Another case in which the Supreme Court granted bail in a non-bailable offence was in the case of Republic v Court of Appeal; Exparte Attorney-General (Frank Benneh Case), at 658, where Edward Wiredu JSC (as he then was), presiding, Adjabeng and Atuguba JJSC dissenting, stated the following in the case where the Attorney-General applied to the Supreme Court for an order of certiorari to quash the decision of the Court of Appeal in granting bail to the accused, Frank Benneh in a narcotic related offence. Whilst refusing the application for certiorari, the majority (per Edward Wiredu JSC (as he then was) stated the following which I find very instructive and a useful guide:
“It is the right of every person in Ghana to enjoy his liberty, freedom of movement, etc as enshrined in the Constitution 1992. It is also the duty of the courts to protect, defend and enforce these rights whenever they are being suppressed or stifled by any authority or persons in authority. In the instant case, the accused is presumed to be innocent until it is otherwise established. It would therefore be unjust to deprive him of his right to enjoy his freedom in the absence of any law prohibiting the grant of bail to him under the circumstances as established by the facts of this case. Respect for human rights is an attribute or an element of good governance, and all efforts must be made to ensure its observance. The trial tribunal was therefore not justified under those circumstances to refuse the accused’s request for bail. The Court of Appeal was therefore right in granting him bail.”
The Supreme Court in this decision broadly considered the constitutional provisions guaranteeing personal freedoms and the principle of being presumed innocent until the contrary was proved or established in court. The Supreme Court did not measure any personal liberties against any law which violated the enjoyment or threatened enjoyment of those right. That explains why it went on to state that the enjoyment of those rights could be curtailed by the prohibition of the grant of bail under circumstances established by law. However, statutory interventions, no matter how well intended, cannot take away constitutional rights guaranteed under the Constitution.
I must say that most of the cases analysed were not cases of constitutional interpretation. This means that the courts will not have the jurisdiction to pronounce on the constitutionality and unconstitutionality of articles 14(1)(g), 19(2), 15(2) and 21(4) of the Constitution 1992 and section 96(7) of Act 30. Another issue is, if the courts did not have the jurisdiction to pronounce on the constitutionality and unconstitutionality of articles 14(1) (g), 19(2), 15(2) and 21(4) of the Constitution 1992 and section 96(7) of Act 30, can those decisions be binding on the courts i.e can those cases be adopted by the courts as binding precedents in other cases of similar nature as happened in the Gorman case supra?

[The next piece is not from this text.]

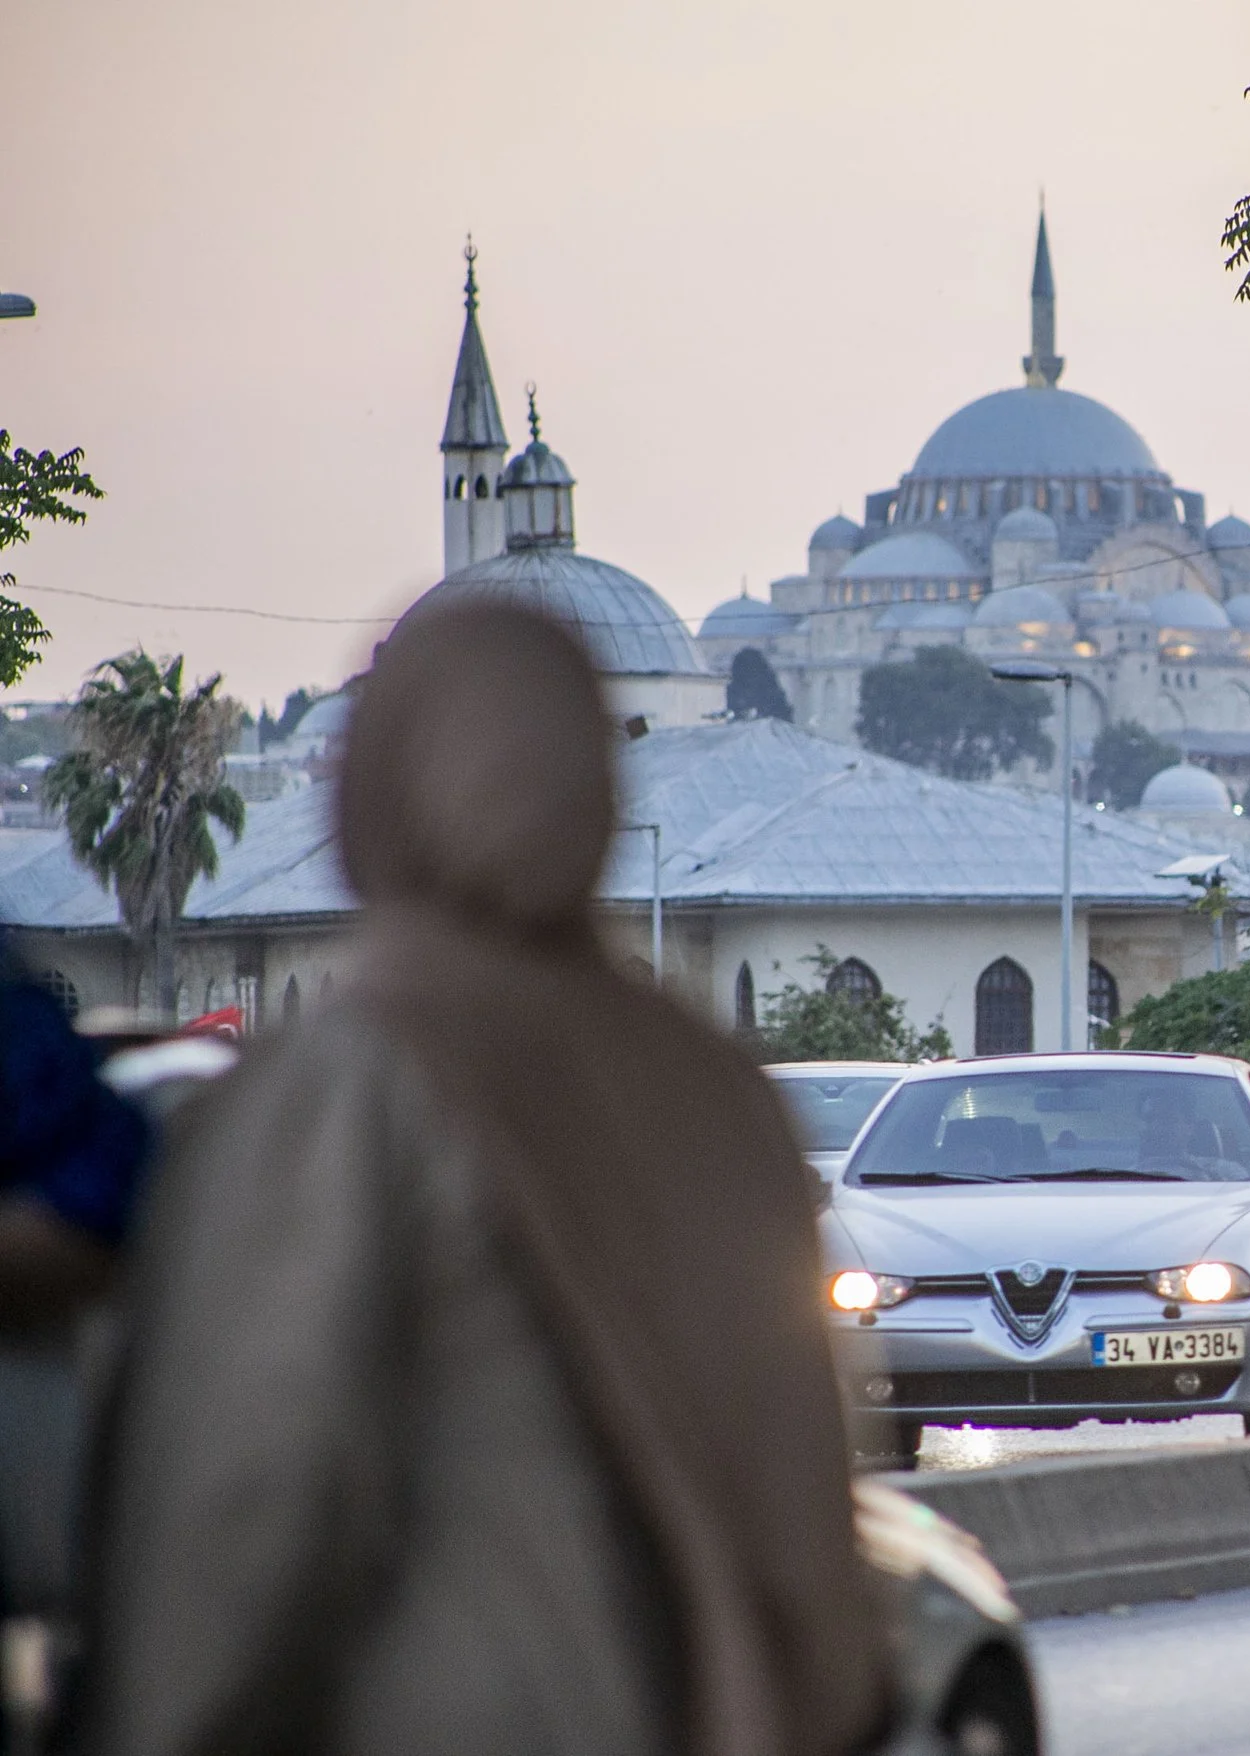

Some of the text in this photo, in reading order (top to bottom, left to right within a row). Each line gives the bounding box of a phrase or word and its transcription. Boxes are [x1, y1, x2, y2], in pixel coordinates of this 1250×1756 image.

Facts in Martin Kpebu v Attorney-General
The plaintiff Martin Kpebu, a private legal practitioner, sued in the Supreme Court under articles 2(1) and 130(1) of the Constitution 1992 for declaration (as subsequently amended by order of the court) that, section 96(7) of the Criminal and other offences (Procedure) Act, 1960 (Act 30), as amended by section 7 of the Criminal Procedure Code (Amendment) Act, 2002 (Act 633), and further amended by section 41(1)(a) of the Anti-Terrorism Act, 2008 (Act 762), contravenes articles 14(1), 15(2) and 19(2)(c) of the 1992 Constitution.
In support of the claim, counsel referred to article 19(2) (c) of the Constitution 1992, providing that “a person charged with a criminal offence shall be presumed to be innocent until he is proved or has pleaded guilty.” Counsel submitted, inter alia, that bail was directly linked to individual liberty which is guaranteed by article 14 of the Constitution 1992; and that the no-bail provision as captured in section 96(7) of Act 30 as amended by Act 633, has raised constitutional challenges, particularly, when viewed against the automatic presumption of innocence until proven guilty or confession of commission of the crime. Counsel further argued that the presumption of innocence was not rebuttable unless a person has been pronounced guilty of an offence after a hearing or upon a plea of guilty; and that the constitutional presumption of innocence could not be taken away by a statute.
On the other hand, counsel for the defendant Attorney-General relied, particularly, on articles 14(1) (g) and 21(4) (a) and (b) of the Constitution 1992. He submitted, inter alia, that the Constitution itself has made it clear that the refusal to grant bail to a suspect/accused, if exercised judiciously, should not be held to be inconsistent with or in contravention of the Constitution. Counsel for the defendant therefore submitted that the declaration sought by the plaintiff could not be sustained and should be dismissed as unconstitutional.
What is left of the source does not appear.